Maybe I'm missing something here but why the insistence on using a
Forstner bit on a through hole? Why not just use an auger bit (manual
or powered) for the entire length of the hole? Maybe clamp a piece of
scrap on the other side to minimize blowout or BugBear's
To make things easier, a bit gauge or piece of tape wrapped around the
auger bit can be used so you know when to stop boring.
Insistence? I'm open to all kinds of suggestions. I just happened to have
Forstner bit and was familiar with its high quality cuts using a drill
press. Auger bit was suggested several times and its a good idea. I
happened to find a 3/4" brad drill bit and decided to use that.
I didn't mean it particularly to you Bob. I was just wondering why
most of the follow-ups provided ways to bore a deeper hole with a
Forstner rather than suggesting that you can accomplish the task with
a plain ole' auger bit (or brad point bit as you describe below).
Since many of the posters are more experienced wooddorkers than
myself, I thought that I might have not understood the problem
correctly, hence the preface clause in my question above.

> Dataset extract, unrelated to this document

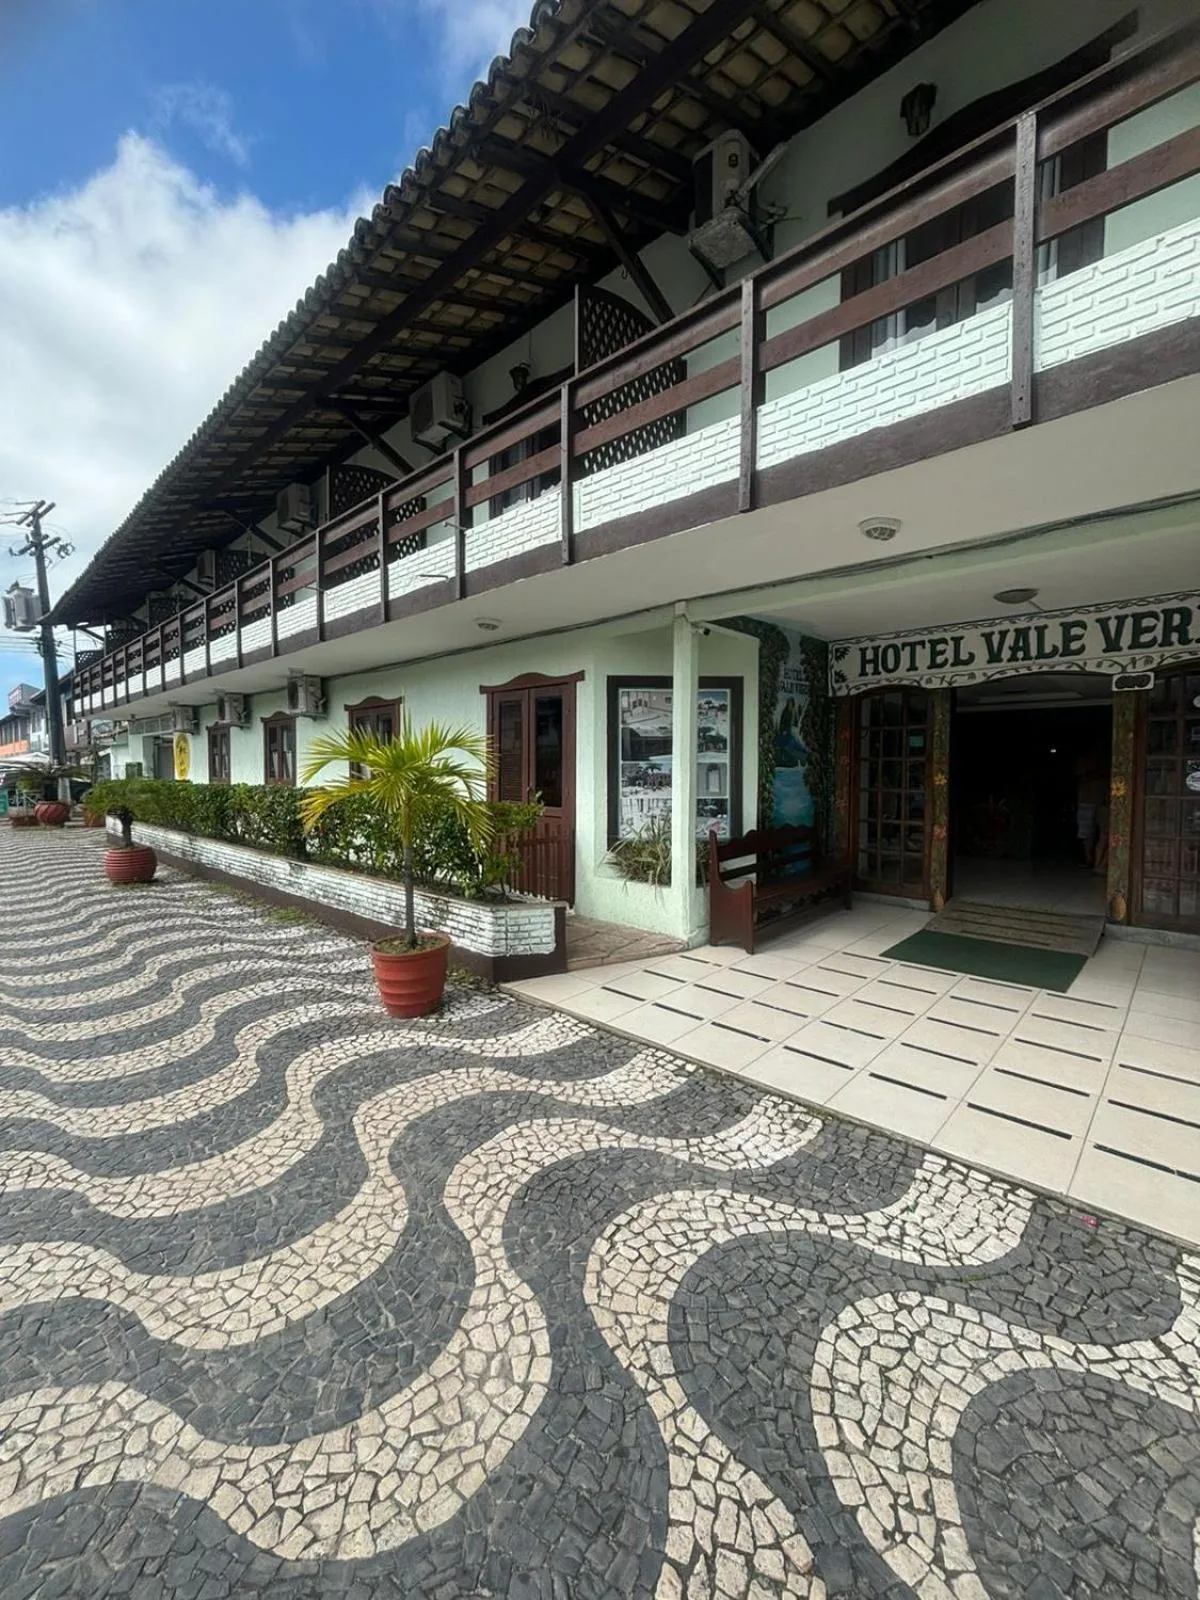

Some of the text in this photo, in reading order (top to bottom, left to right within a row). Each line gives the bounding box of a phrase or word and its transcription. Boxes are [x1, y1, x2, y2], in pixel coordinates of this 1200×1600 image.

[858, 604, 1200, 677] HOTEL VALE VER

I think that should work fine. Good luck and please let us know how
the bench turns out.
Thanks, Mike. One of the things I have learned in my short experience as a
woodworker is that there are usually at least two good ways to accomplish a
goal and perhaps one of those can be done without buying another tool.

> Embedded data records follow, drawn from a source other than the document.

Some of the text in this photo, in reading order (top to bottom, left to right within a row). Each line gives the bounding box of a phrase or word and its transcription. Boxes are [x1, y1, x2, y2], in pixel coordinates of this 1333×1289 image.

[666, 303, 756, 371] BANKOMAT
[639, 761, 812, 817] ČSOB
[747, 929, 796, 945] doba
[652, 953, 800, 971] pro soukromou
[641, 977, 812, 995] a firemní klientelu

Unfortunately, getting by without buying something rarely happens.
Regarding "at least two good ways to accomplish a goal": Just to
throw another monkey wrench into the works, you can always opt for
rectangular bench dogs where making the dog holes is simply a matter
of routering (or dadoing) some slots into one of the boards before
gluing up the top. I chose that route for my bench but I don't think
there's any huge advantage to either approach over the other.
There's always advantages and disadvantages to different types. A round
bench dog will turn in it's slot to flatly face whatever is pressed against
it. Square ones can't do that and maybe slightly more likely to leave an
impression on the wood butted up against it. I'm sure there's some
advantages to square dogs over round ones, but can't think of any right this
I sort of compromised on my dogs.. some are just 3/4 dowels with
expanded tops, some are 2x1" stock with 3/4 turned bases and I have 2
of those HF iron clamping pegs... all part of my "try everything and
learn" system.. *g*
I can see the "point" of the forstner...
I used a 3/4 spade bit, but if the top layer of my bench was hardboard
instead of particle board I would of (after reading this thread) done
the holes about 1/2 deep with the forstner and finished them with the
more for appearance, I think... forstner holes look so pretty..
what, if any, is the difference between a ships auger and any other
kind of auger? I found pictures of ship auger bits on EBay, the spiral
part (flute?) looks thicker along the bits cutting axis than some
others I've seen, is that the only difference? How about the tool that
drives it, the shank looks hexagonal. Will it fit in a brace and bit?